La biodiversité est le thème choisi cette année. Comment la comprendre dans un contexte sénégalais ?

La biodiversité, on l’appelle aussi diversité biologique, est l’ensemble des espèces et des écosystèmes dans un endroit donné. Cela peut être une région, une ville, un pays, une forêt ou un parc national. Et cette diversité des espèces prend en compte la diversité au sein de chaque espèce, parce qu’une espèce peut être représentée par un ou plusieurs individus. Le singe et le chien sont, par exemple, des espèces différentes. Ainsi, la biodiversité, c’est la variabilité, la diversité des espèces et des écosystèmes d’un endroit donné. Cette diversité est extrêmement importante pour la survie de l’humanité. Je prends l’exemple des médicaments, dans le domaine de la santé, qui nous viennent, à l’origine, des plantes.

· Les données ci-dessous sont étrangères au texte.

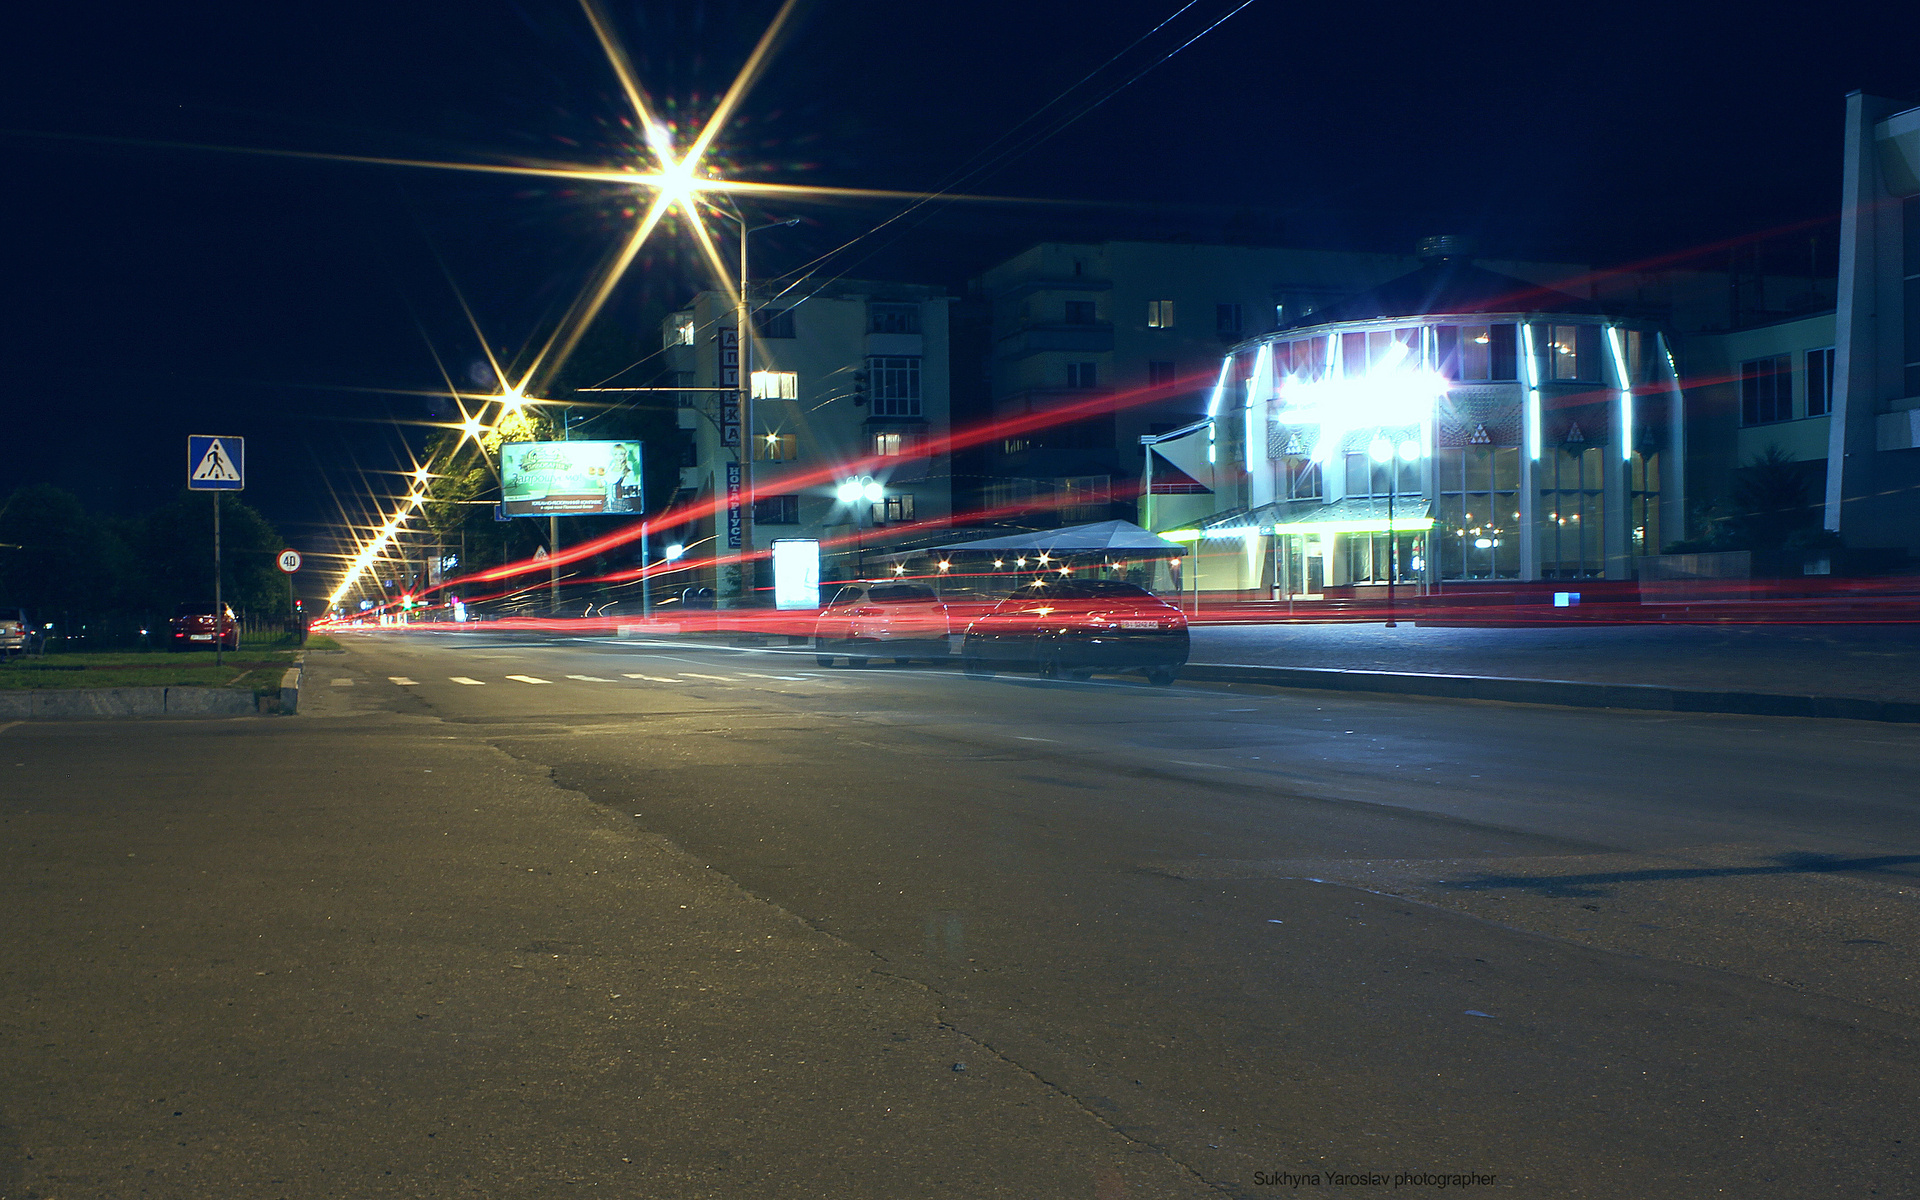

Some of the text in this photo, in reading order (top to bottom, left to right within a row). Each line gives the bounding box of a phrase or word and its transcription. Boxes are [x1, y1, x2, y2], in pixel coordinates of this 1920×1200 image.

[726, 332, 739, 440] АПТЕКА
[729, 466, 741, 535] НОТАРІУС
[283, 555, 296, 567] 40

Mais toutes les plantes ne comportent pas des composés qui peuvent guérir telle ou telle maladie. Donc, plus on a de plantes, plus on a de composés et donc plus on a la possibilité de guérir des malades. Dans le domaine de l’alimentation, on ne peut pas vivre seulement d’un plat. On est obligé de diversifier nos plats. Si on le fait, c’est un ensemble d’espèces différentes qui entrent dans la composition de nos plats. Moi, je me suis amusé à compter les espèces qui entrent dans la préparation du ‘’Thièbou Djeune’’ (riz au poisson) ; elles sont entre 17 et 22. Le riz, la tomate, le chou, le poisson… sont chacune une espèce ; l’huile nous vient d’une espèce végétale, l’arachide. Alors, même pour notre alimentation quotidienne, on a besoin de plusieurs espèces.

D’où l’importance de la diversité de ces espèces qui est à préserver, car si on la perd jusqu’à un certain niveau, notre survie sera menacée et, à terme, on va disparaitre. En dehors de l’alimentation et de la santé, il y a d’autres domaines tels que le transport où on a aussi besoin de cette diversité biologique. Le cheval, dans le monde rural, permet le transport des personnes. Il y a aussi la biodiversité agricole, parce que le problème entre Aline Sitoé Diatta et les colonisateurs résulte du fait qu’elle disait aux populations de ne pas abandonner les différentes variétés de riz qui étaient cultivées au profit de l’arachide. Puisque le colon voulait développer la culture de l’arachide, il l’a tout simplement arrêtée. Elle prônait le maintien de la biodiversité agricole par le biais des différentes variétés de riz. Si on a plusieurs variétés de riz, on peut faire face à plusieurs difficultés, on peut mieux exploiter l’espace. Il y a des variétés qui sont plus résistantes à un certain taux de salinité et d’autres qui ne supportent pas le sel. Mais si on n’a qu’une seule variété qui est celle qui ne résiste pas du tout au sel, les endroits où il y a beaucoup de sel ne seront pas exploités. Garder certaines variétés peut nous permettre de faire face à certaines maladies de plante. Or, actuellement, la diversité biologique est de plus en plus menacée par l’homme lui-même et c’est la cause d’un certain nombre de problèmes.

Tout ceci montre à suffisance la pertinence du thème de cette année.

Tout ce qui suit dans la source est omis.